DuraLabel's Weekly Safety News

Blog Author Angelique Sanders

Weekly safety news. Stay in touch with regulations from OSHA, NFPA, and other safety codes. Find out about other companies' best and worst practices. We scour the internet to provide you with helpful training resources and the latest safety information.

Monday, May 05, 2014

World Safety News - Sweet Factory Fined

Workplace Safety News Highlights From Around The World

We scan newspapers and magazines around the world for safety news that isn't reported elsewhere.

The following are links to workplace safety-related news and articles that we noticed this past week. If you have international safety news, safety tips, or suggestions send them to: duralabelpro@gmail.com.

United Kingdom - Sweet Factory Fined Following Worker's Death

The UK's largest confectionery firm has been fined a total of £300,000 after an employee was crushed to death in one of its sweet-making machines.

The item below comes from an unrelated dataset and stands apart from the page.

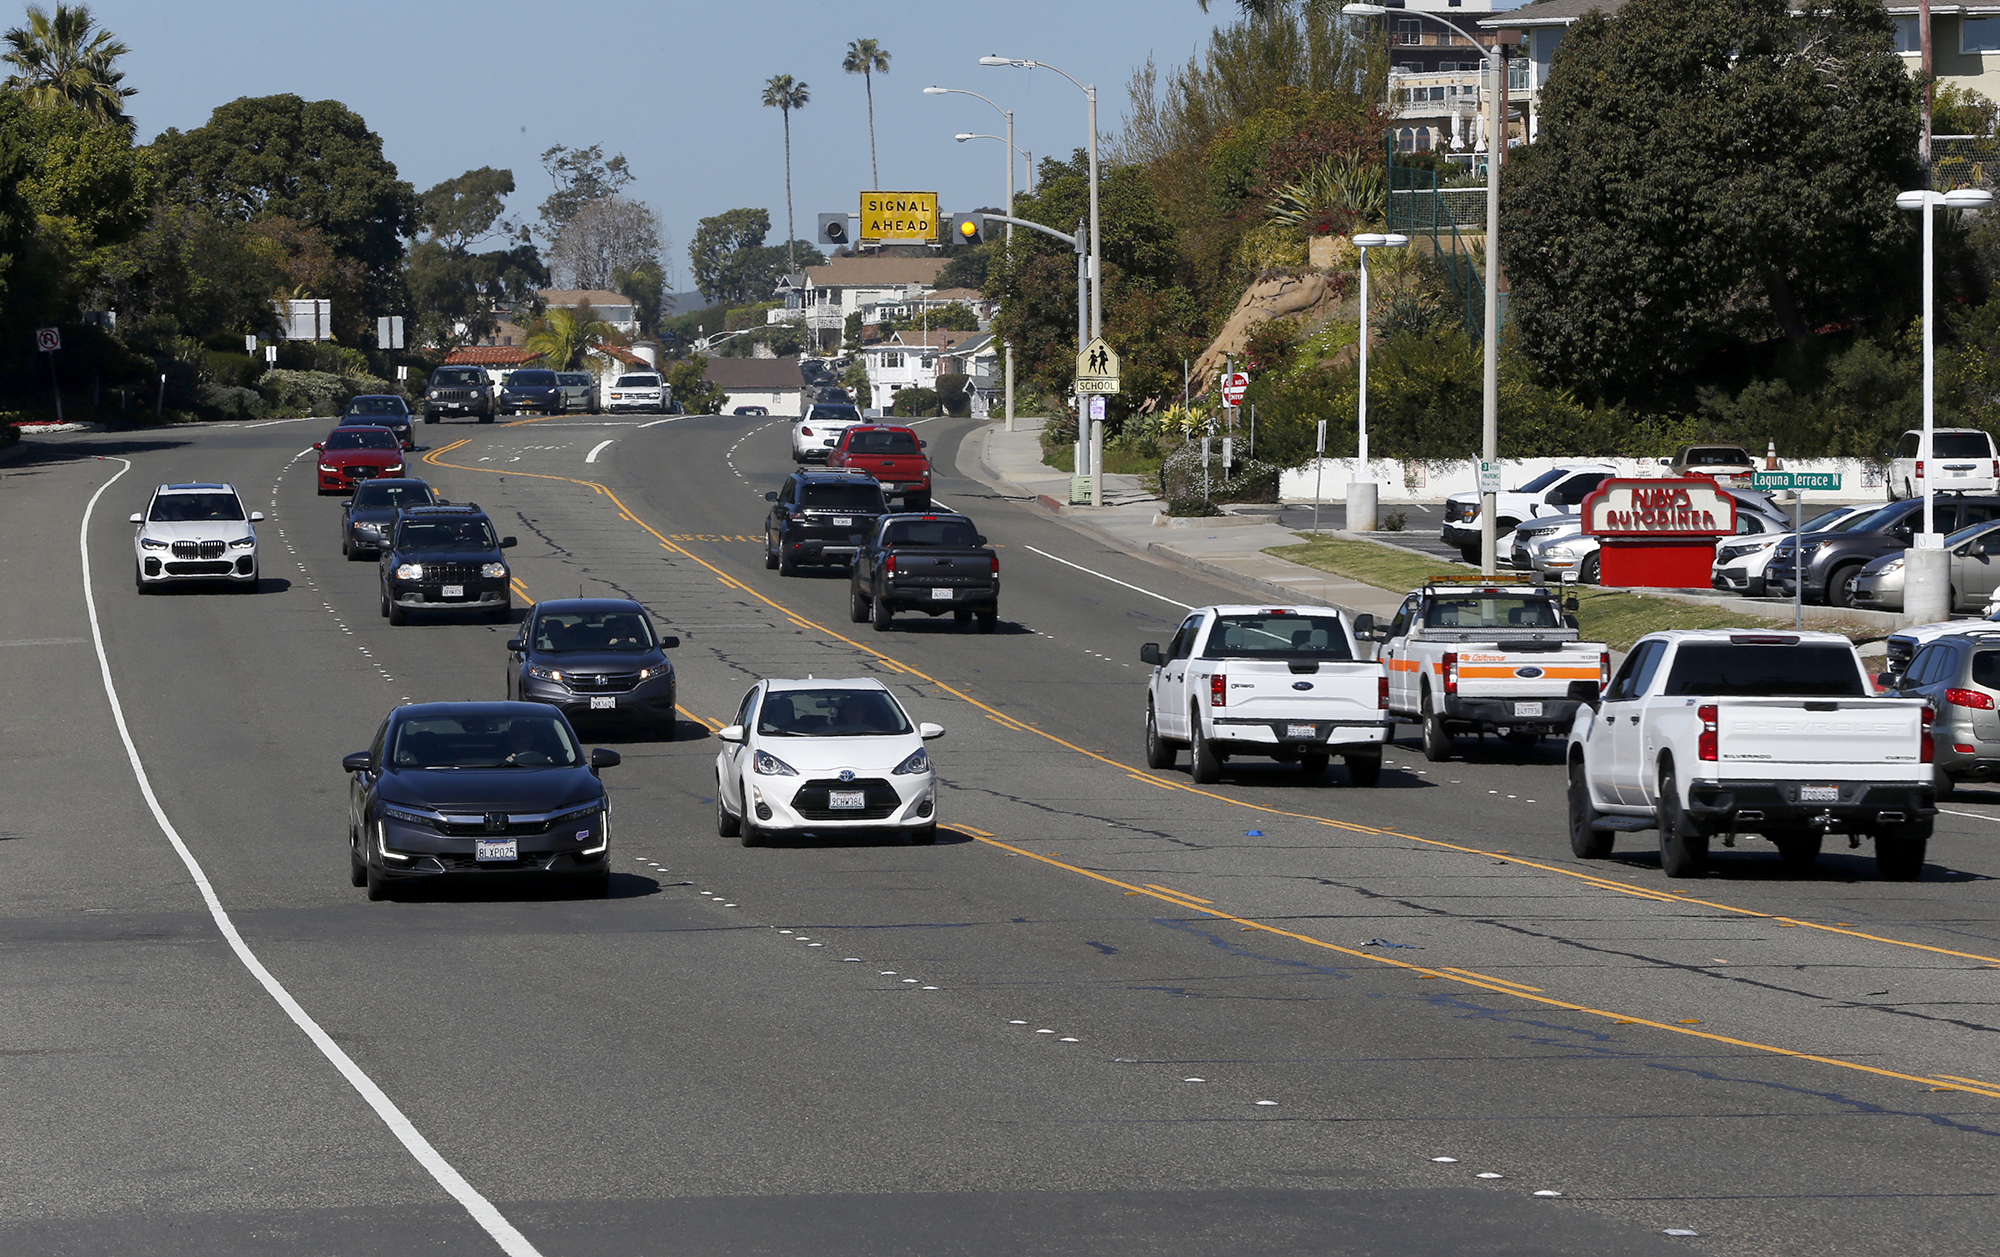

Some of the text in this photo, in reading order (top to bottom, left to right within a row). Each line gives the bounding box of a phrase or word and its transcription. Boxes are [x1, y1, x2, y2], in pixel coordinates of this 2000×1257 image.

The Health and Safety Executive (HSE) prosecuted Tangerine Confectionery Limited, of Vicarage Lane, Blackpool, following the death of employee Martin Pejril at its Poole factory. The company that manufactures sweets such as Sherbet Dip Dabs, Mojos, Black Jacks in addition to Butterkist popcorn appeared before Bournemouth Crown Court.

The court heard 33-year-old Mr Pejril, a Czech-born starch room operator, was clearing a blockage in one of the machines at Tangerine's Alder Road plant in Poole, in February 2008. He climbed into the
machine but as the mechanism restarted he became trapped. Mr Pejril subsequently died of his injuries and was pronounced dead at the scene.

The company was found guilty of breaches under Section 2 of the Health and Safety at Work etc. Act 1974 and of breaching Regulation 3 (1) (a) of the Management of Health and Safety at Work Regulations 1999.

The company was fined £150,000 for the HSWA charge and £150,000 for the regulations charge and ordered to pay full costs of £72,901.65.

Following the hearing, HSE inspector, Simon Jones, said: "This tragic case highlights the need to ensure that machines are safely isolated before any maintenance takes place so it cannot unexpectedly start up. Simply pressing a stop button does not adequately isolate a machine."

"If the machine in this case had been properly isolated from the electrical power source before Mr Pejril attempted to clear the blockage, this accident would never have happened."

"A proper risk assessment would have highlighted the dangers of entrapment. All employees need to be adequately trained in correct company procedures - whether it's for clearing blockages, operating machines or any other high risk activity."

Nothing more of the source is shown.